Ativista Rocío San Miguel foi libertada na Venezuela e 'está bem'
A ativista Rocío San Miguel foi libertada em Caracas e "está bem", informou sua defesa nesta quinta-feira (8) à AFP, em um dia marcado pela libertação de prisioneiros por motivos políticos na Venezuela.
Advogada, especialista em temas militares e ativista de direitos humanos, Rocío foi detida em fevereiro de 2024 no aeroporto internacional de Maiquetía, que serve Caracas, acusada de um suposto complô para atacar uma base militar em Táchira, estado fronteiriço com a Colômbia, e o então presidente Nicolás Maduro. Sua defesa sempre negou as acusações.

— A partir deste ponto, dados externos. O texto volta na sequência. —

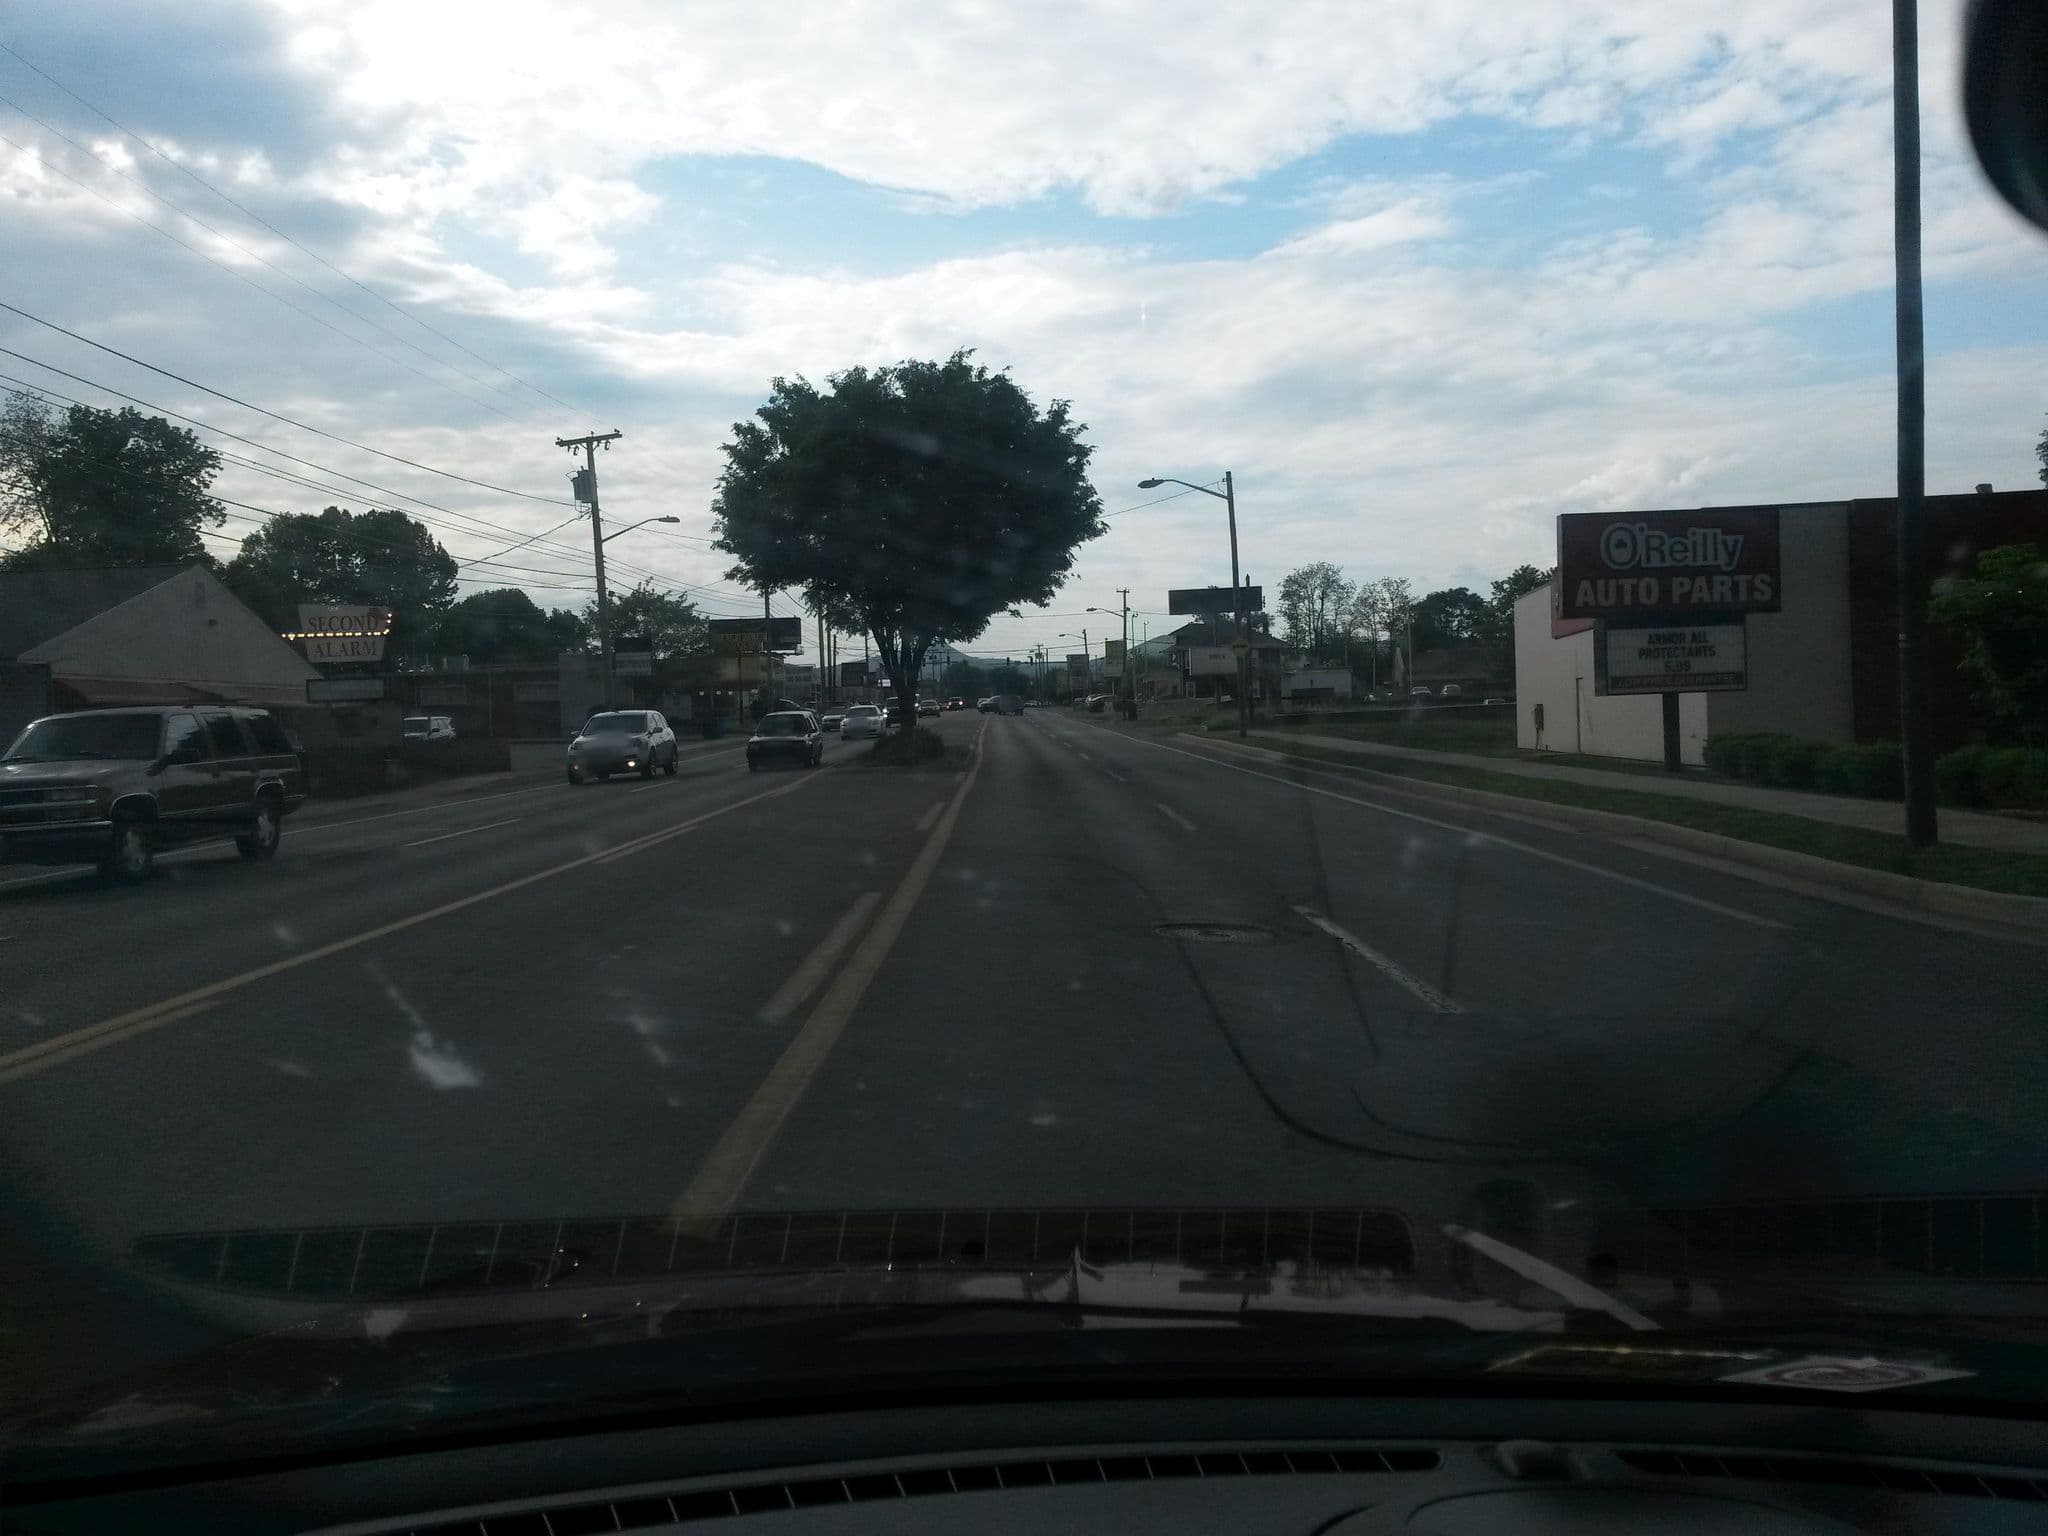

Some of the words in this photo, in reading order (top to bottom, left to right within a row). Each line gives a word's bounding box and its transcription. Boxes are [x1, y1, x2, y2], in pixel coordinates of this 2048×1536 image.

"Rocío já está em liberdade, está em condições estáveis de saúde e está bem", disse a advogada Theresly Malavé em conversa telefônica com a AFP.
Mais cedo, o ministro de Relações Exteriores espanhol, José Manuel Albares, havia confirmado na Espanha a libertação de Rocío, que tem dupla nacionalidade, além de outros quatro espanhóis.
Rocío San Miguel estava sob custódia do serviço de inteligência sob a acusação de "traição", "terrorismo" e "conspiração", segundo as autoridades.
Diretora da ONG Control Ciudadano, a ativista foi detida cinco meses antes das eleições presidenciais e das mais de 2.400 prisões que se seguiram aos protestos contra a questionada reeleição de Maduro.